(Free-text object descriptions)
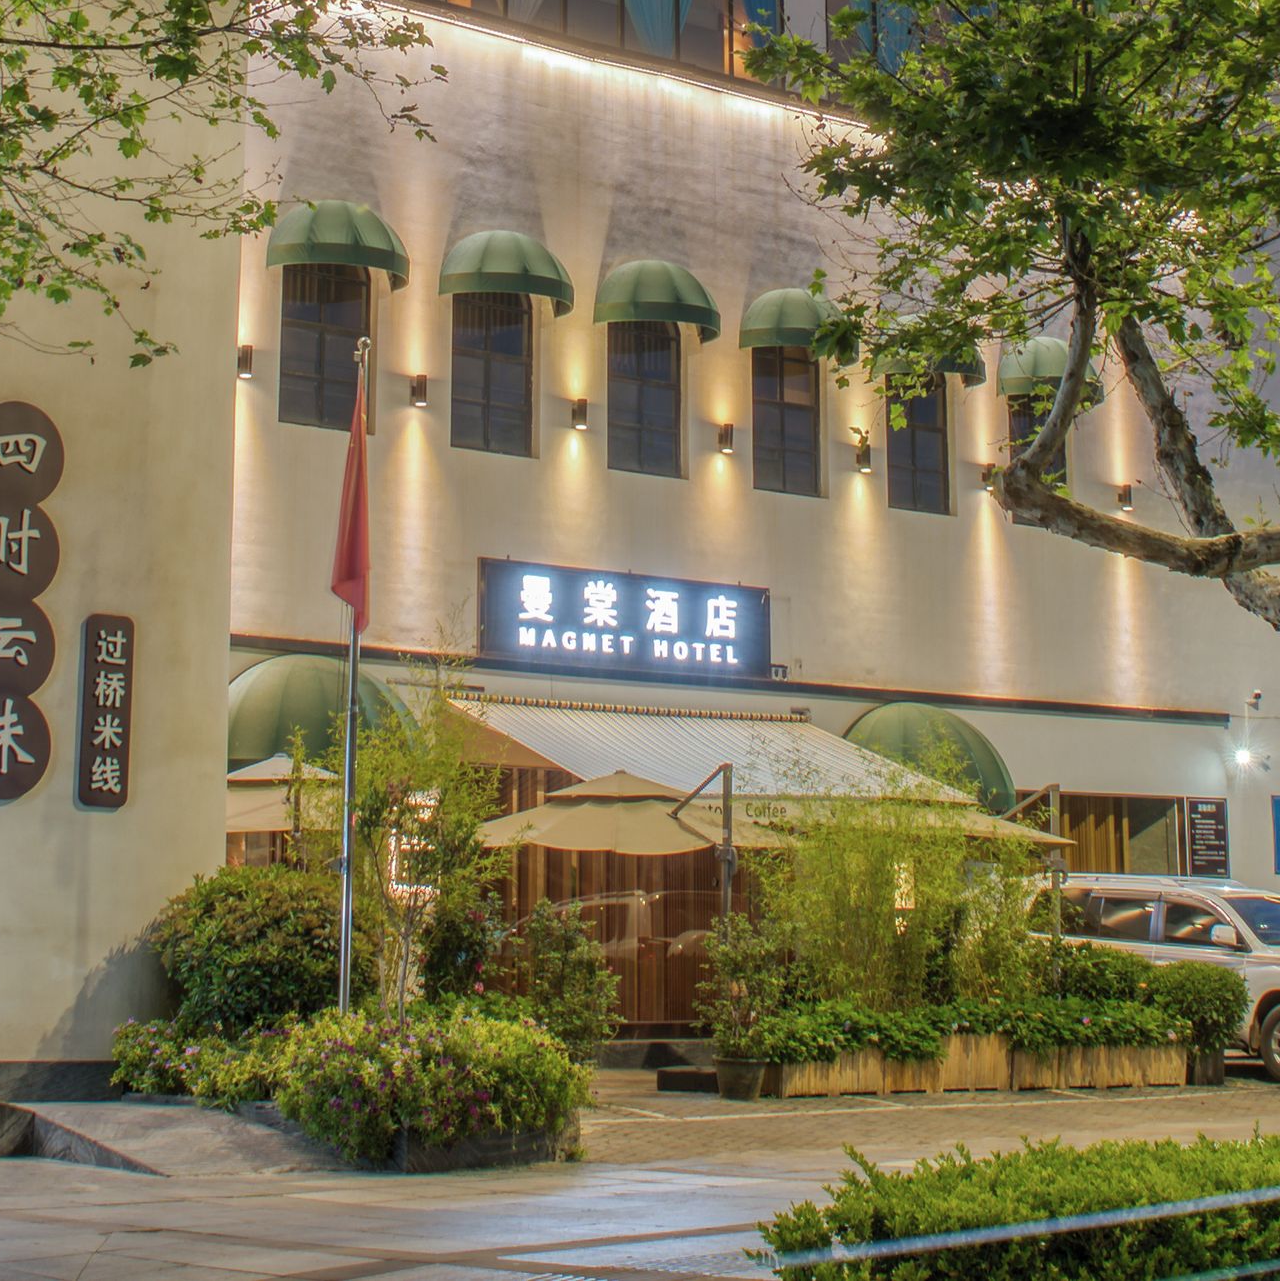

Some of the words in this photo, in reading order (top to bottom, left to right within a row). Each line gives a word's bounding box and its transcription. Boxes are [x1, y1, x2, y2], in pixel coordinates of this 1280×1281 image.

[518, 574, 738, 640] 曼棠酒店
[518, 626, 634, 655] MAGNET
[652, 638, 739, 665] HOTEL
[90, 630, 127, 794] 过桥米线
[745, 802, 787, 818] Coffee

▸ **What to produce**: All of the lines above should be printed exactly, minus the pictures.

▸ **Solution for this task**:
Some of the words in this photo, in reading order (top to bottom, left to right within a row). Each line gives a word's bounding box and its transcription. Boxes are [x1, y1, x2, y2], in pixel coordinates of this 1280×1281 image.

[518, 574, 738, 640] 曼棠酒店
[518, 626, 634, 655] MAGNET
[652, 638, 739, 665] HOTEL
[90, 630, 127, 794] 过桥米线
[745, 802, 787, 818] Coffee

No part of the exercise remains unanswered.